**Assignment**
Could you set down the records below exactly as they are, with no pictures?

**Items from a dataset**
============

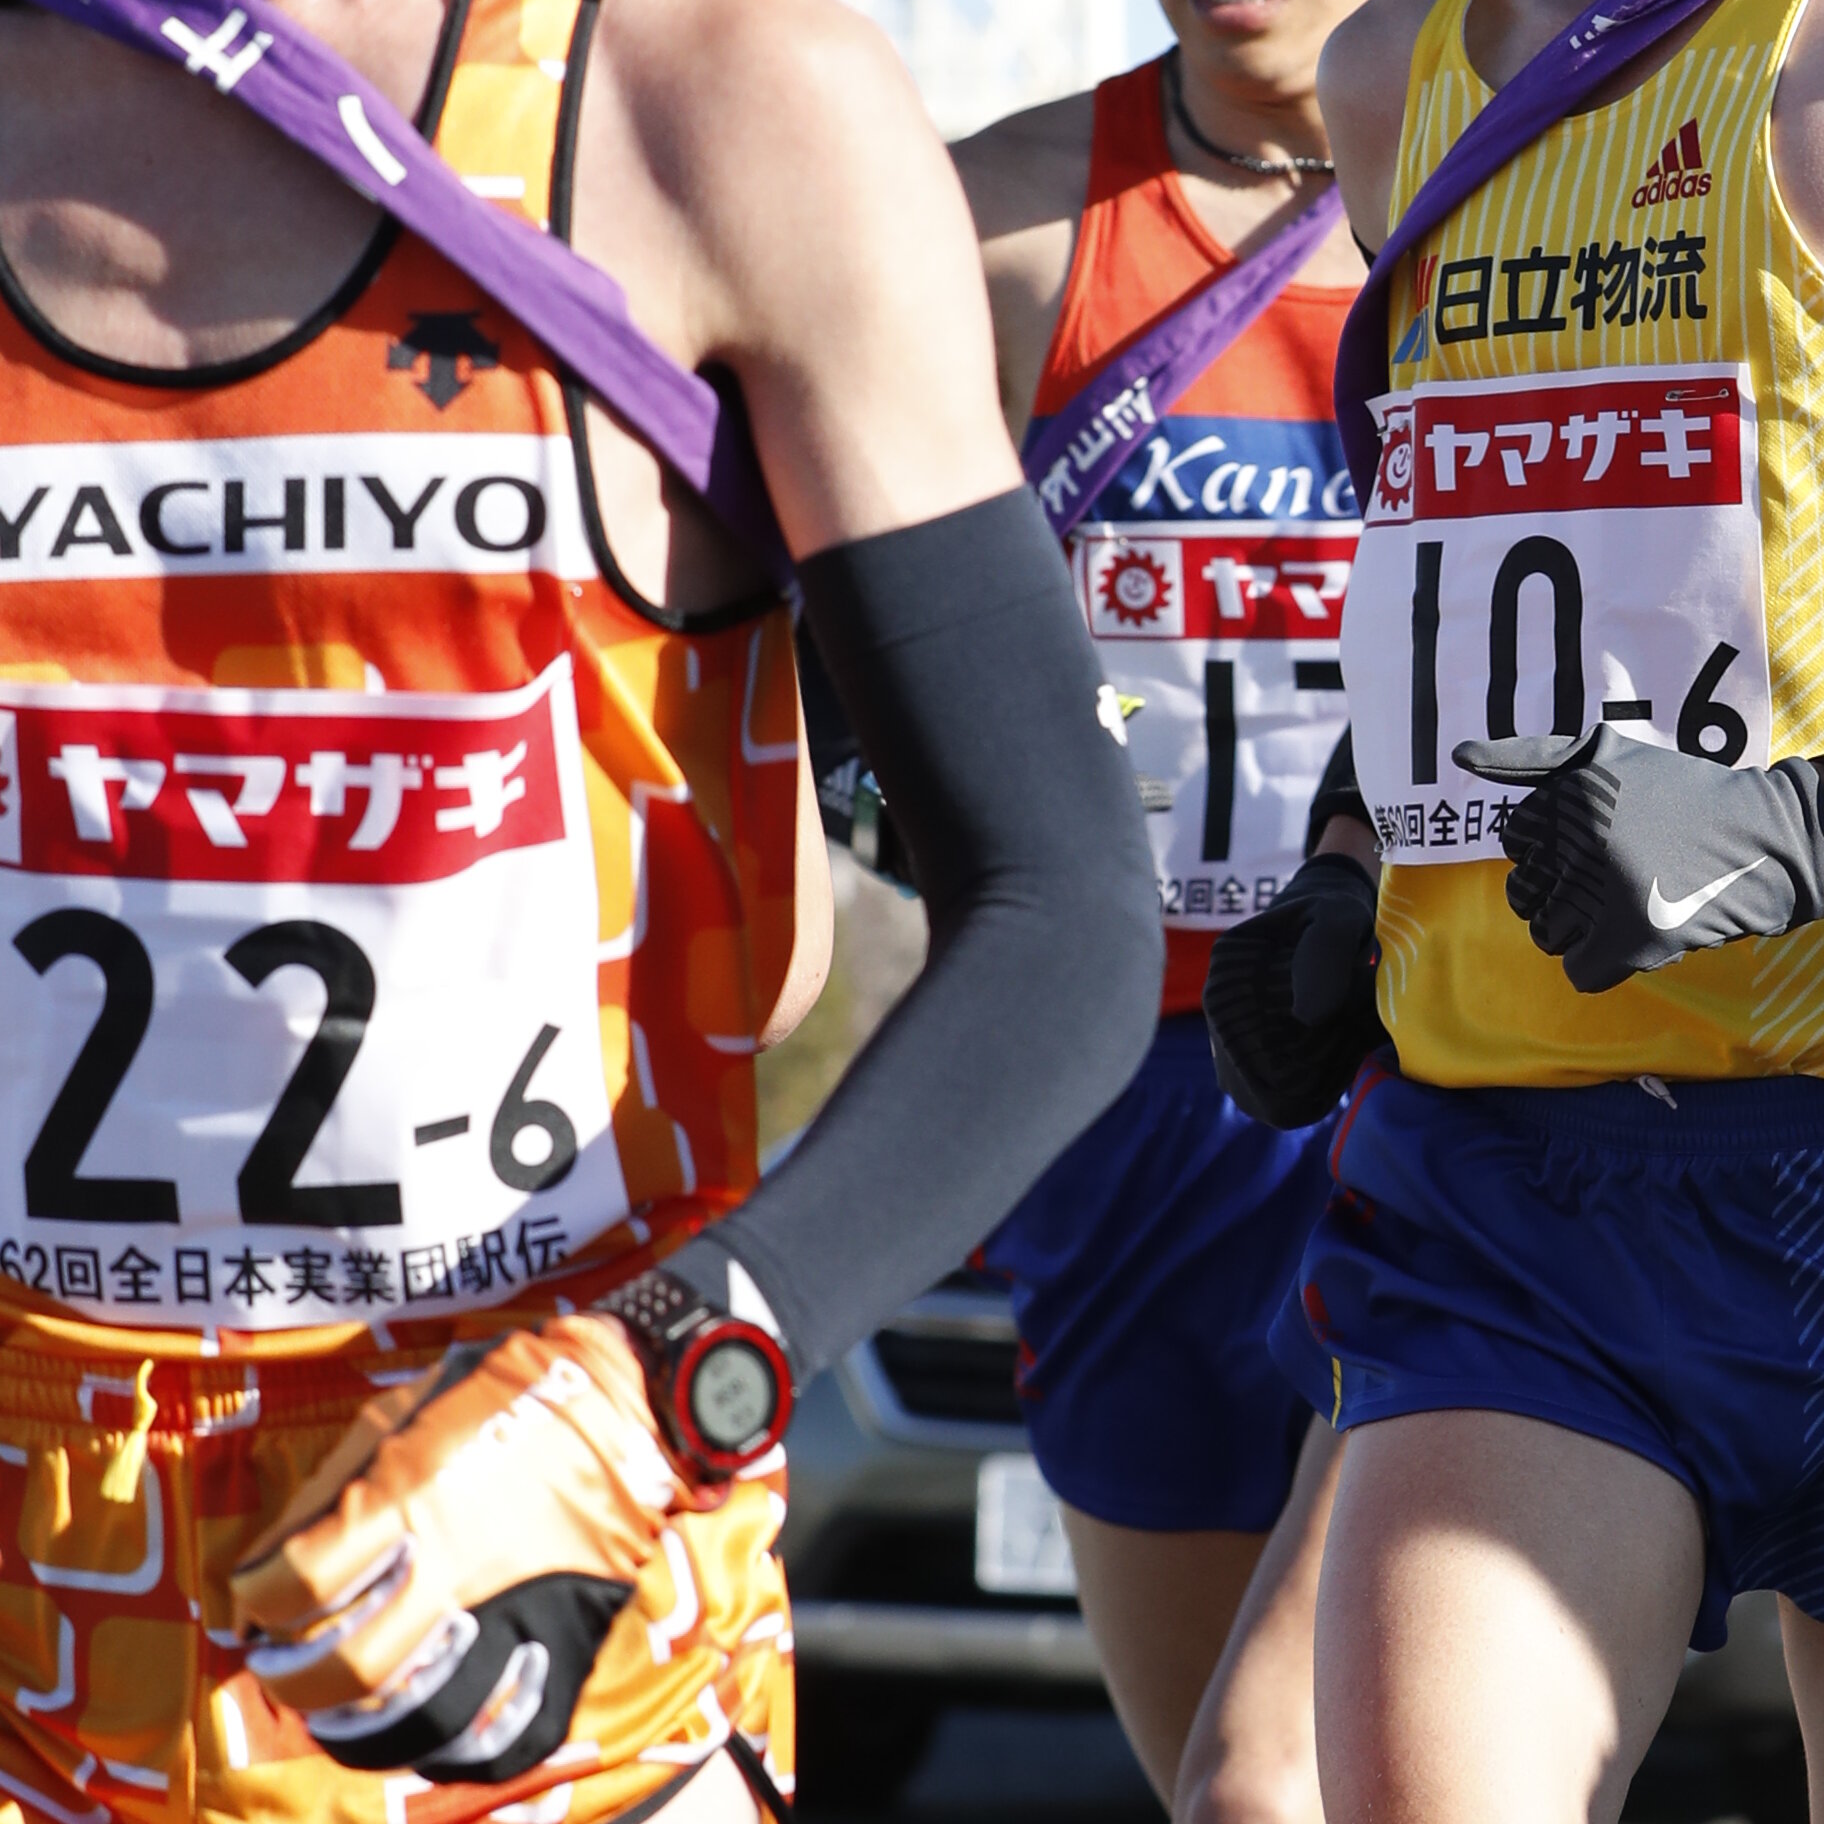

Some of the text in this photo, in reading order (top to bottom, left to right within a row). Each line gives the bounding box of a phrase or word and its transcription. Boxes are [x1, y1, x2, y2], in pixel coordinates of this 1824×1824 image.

[1631, 170, 1713, 210] adidas
[1434, 230, 1708, 346] 日立物流
[1424, 409, 1714, 489] ヤマザキ
[0, 475, 547, 559] YACHIYO
[48, 739, 529, 851] ヤマザキ
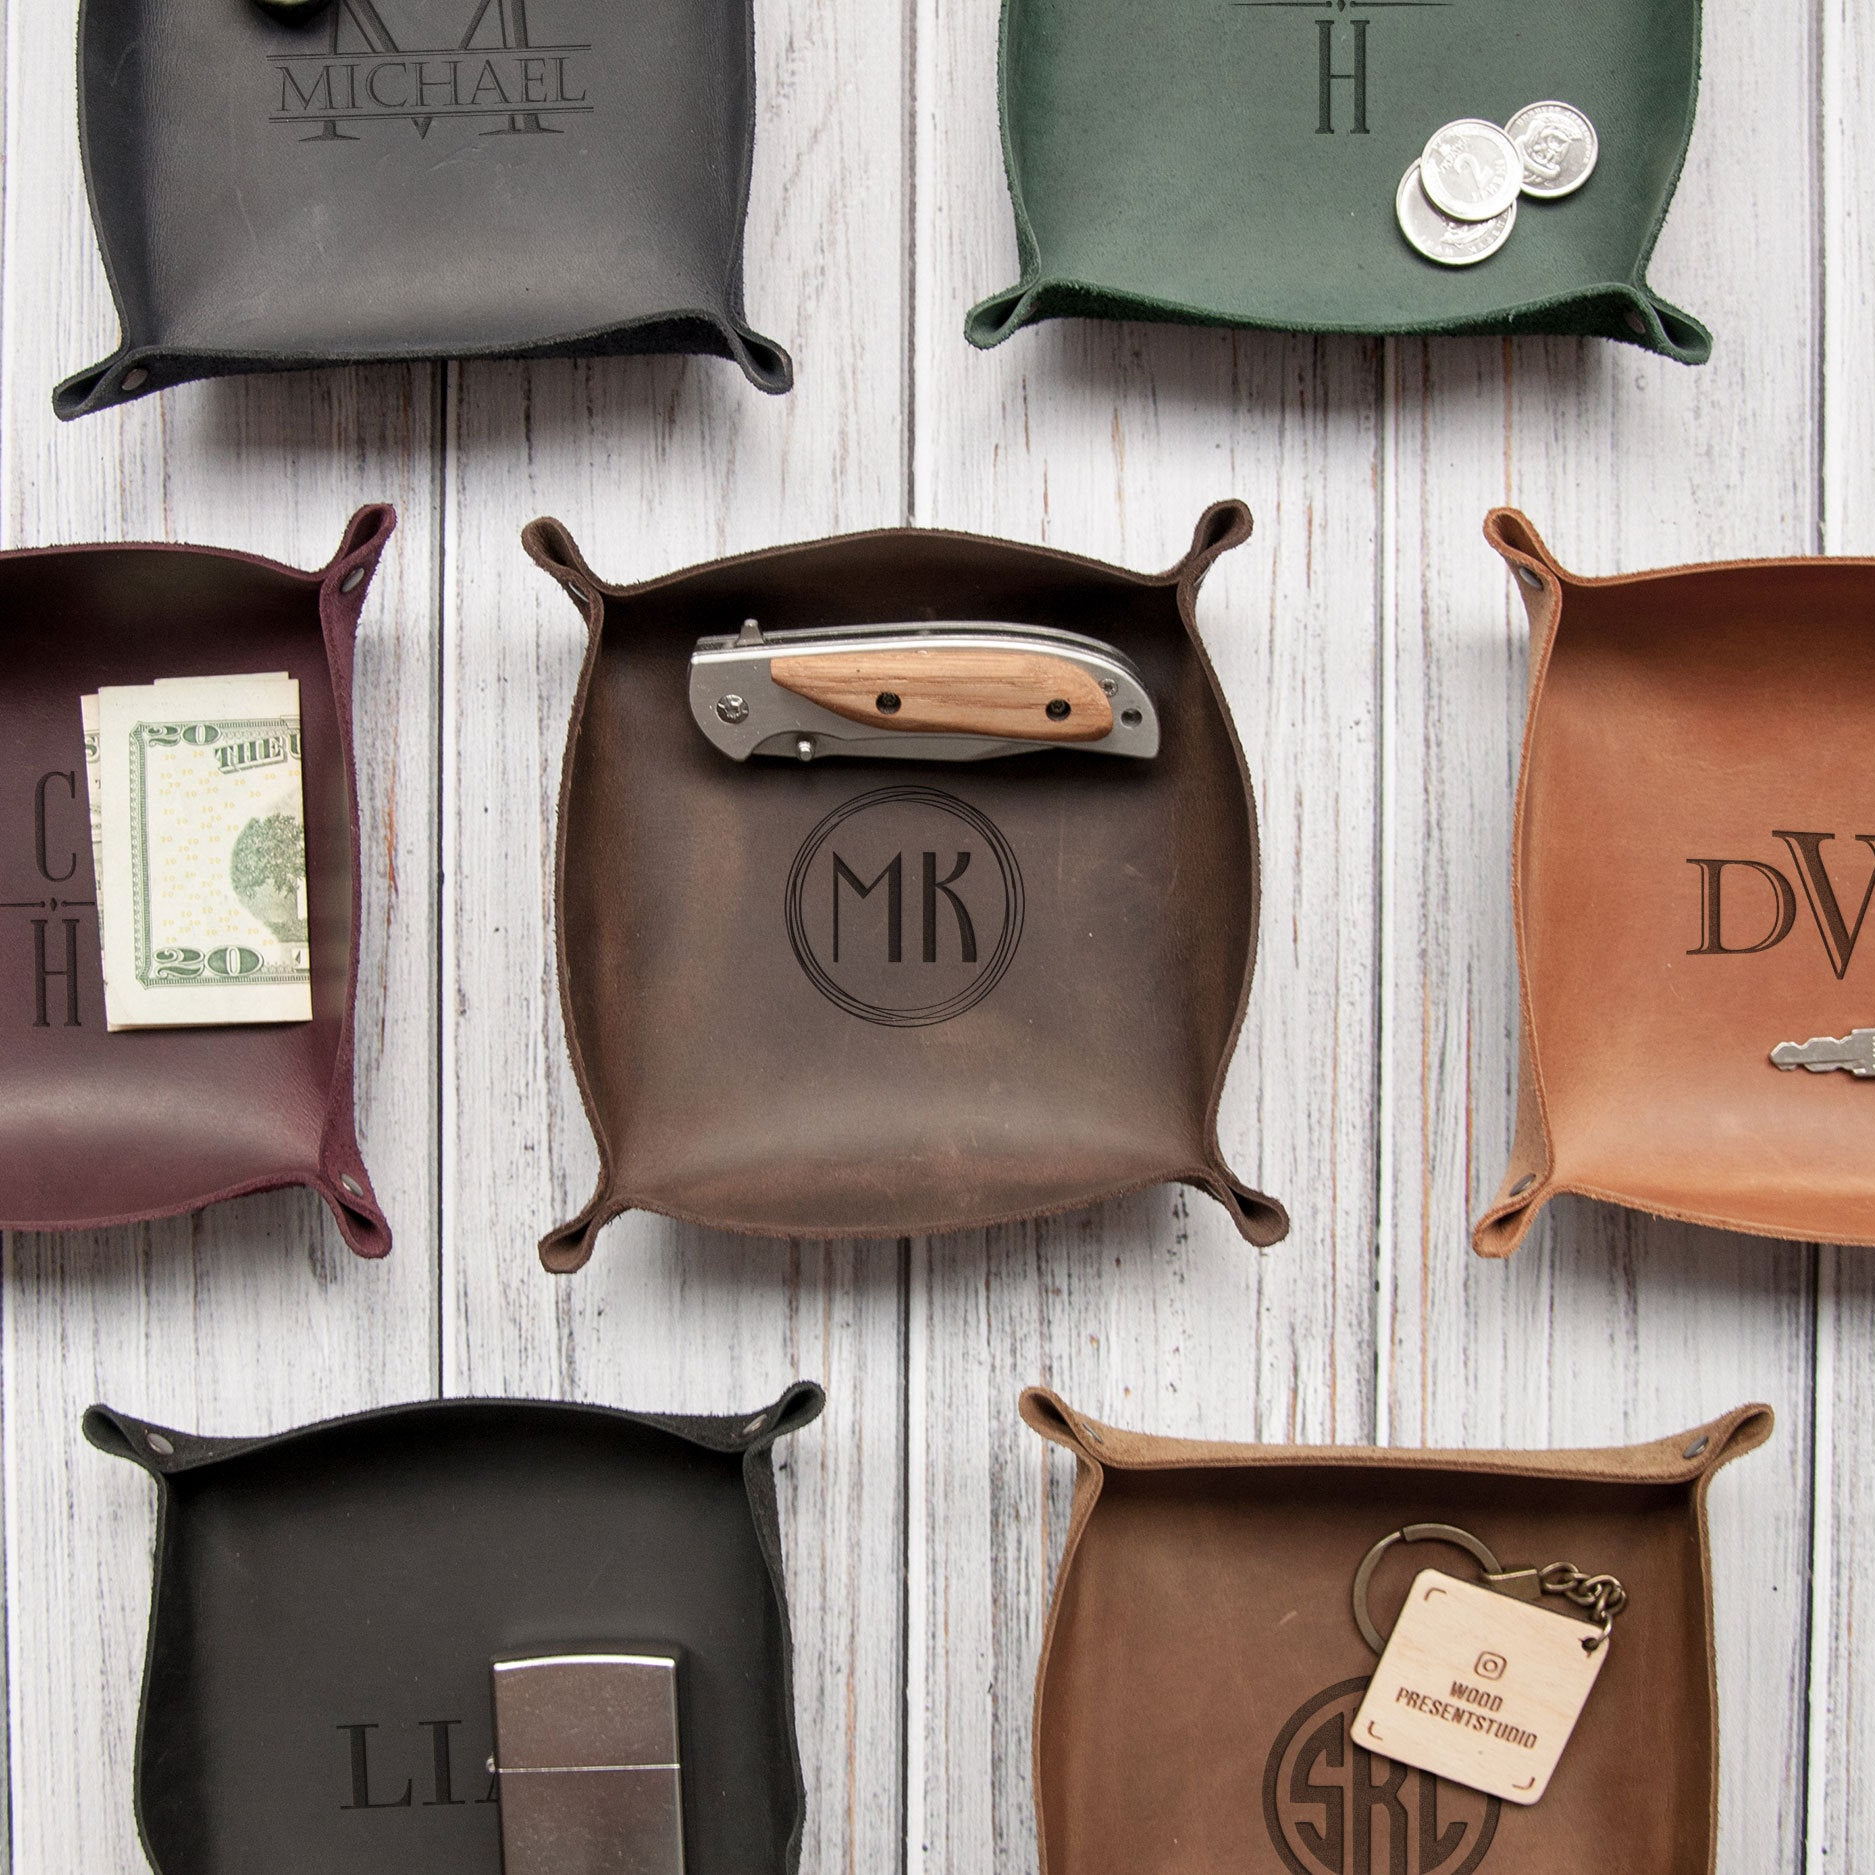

============

**Response for this exercise**
Some of the text in this photo, in reading order (top to bottom, left to right within a row). Each line gives the bounding box of a phrase or word and its transcription. Boxes are [x1, y1, x2, y2], in pixel coordinates of this 1824×1824 image.

[1631, 170, 1713, 210] adidas
[1434, 230, 1708, 346] 日立物流
[1424, 409, 1714, 489] ヤマザキ
[0, 475, 547, 559] YACHIYO
[48, 739, 529, 851] ヤマザキ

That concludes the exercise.